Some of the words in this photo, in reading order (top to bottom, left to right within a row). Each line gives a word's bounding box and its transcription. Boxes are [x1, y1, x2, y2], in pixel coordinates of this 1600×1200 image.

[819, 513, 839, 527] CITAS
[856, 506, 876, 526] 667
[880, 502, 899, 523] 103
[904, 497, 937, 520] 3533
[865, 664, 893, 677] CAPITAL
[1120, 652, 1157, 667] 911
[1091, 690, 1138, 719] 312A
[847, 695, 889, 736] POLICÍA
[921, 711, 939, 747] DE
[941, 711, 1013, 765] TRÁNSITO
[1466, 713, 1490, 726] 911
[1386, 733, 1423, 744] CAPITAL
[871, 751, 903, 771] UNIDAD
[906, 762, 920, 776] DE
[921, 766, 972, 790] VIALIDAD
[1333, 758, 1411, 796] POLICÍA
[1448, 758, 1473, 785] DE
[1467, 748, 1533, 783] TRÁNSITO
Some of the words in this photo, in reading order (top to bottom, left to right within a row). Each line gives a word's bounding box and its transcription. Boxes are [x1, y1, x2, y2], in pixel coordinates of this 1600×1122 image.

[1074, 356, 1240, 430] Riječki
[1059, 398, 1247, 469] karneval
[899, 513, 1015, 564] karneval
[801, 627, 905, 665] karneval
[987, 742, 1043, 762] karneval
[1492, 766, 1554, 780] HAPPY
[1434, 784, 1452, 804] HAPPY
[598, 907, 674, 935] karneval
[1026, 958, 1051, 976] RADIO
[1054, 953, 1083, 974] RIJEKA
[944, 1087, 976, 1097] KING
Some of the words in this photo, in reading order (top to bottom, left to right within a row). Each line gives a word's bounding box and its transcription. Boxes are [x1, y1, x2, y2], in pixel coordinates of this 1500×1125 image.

## Exercise prompt
Please reproduce each line above exactly as written.

## Exercise output
Some of the words in this photo, in reading order (top to bottom, left to right within a row). Each line gives a word's bounding box and its transcription. Boxes are [x1, y1, x2, y2], in pixel coordinates of this 1600×1200 image.

[819, 513, 839, 527] CITAS
[856, 506, 876, 526] 667
[880, 502, 899, 523] 103
[904, 497, 937, 520] 3533
[865, 664, 893, 677] CAPITAL
[1120, 652, 1157, 667] 911
[1091, 690, 1138, 719] 312A
[847, 695, 889, 736] POLICÍA
[921, 711, 939, 747] DE
[941, 711, 1013, 765] TRÁNSITO
[1466, 713, 1490, 726] 911
[1386, 733, 1423, 744] CAPITAL
[871, 751, 903, 771] UNIDAD
[906, 762, 920, 776] DE
[921, 766, 972, 790] VIALIDAD
[1333, 758, 1411, 796] POLICÍA
[1448, 758, 1473, 785] DE
[1467, 748, 1533, 783] TRÁNSITO
Some of the words in this photo, in reading order (top to bottom, left to right within a row). Each line gives a word's bounding box and its transcription. Boxes are [x1, y1, x2, y2], in pixel coordinates of this 1600×1122 image.

[1074, 356, 1240, 430] Riječki
[1059, 398, 1247, 469] karneval
[899, 513, 1015, 564] karneval
[801, 627, 905, 665] karneval
[987, 742, 1043, 762] karneval
[1492, 766, 1554, 780] HAPPY
[1434, 784, 1452, 804] HAPPY
[598, 907, 674, 935] karneval
[1026, 958, 1051, 976] RADIO
[1054, 953, 1083, 974] RIJEKA
[944, 1087, 976, 1097] KING
Some of the words in this photo, in reading order (top to bottom, left to right within a row). Each line gives a word's bounding box and its transcription. Boxes are [x1, y1, x2, y2], in pixel coordinates of this 1500×1125 image.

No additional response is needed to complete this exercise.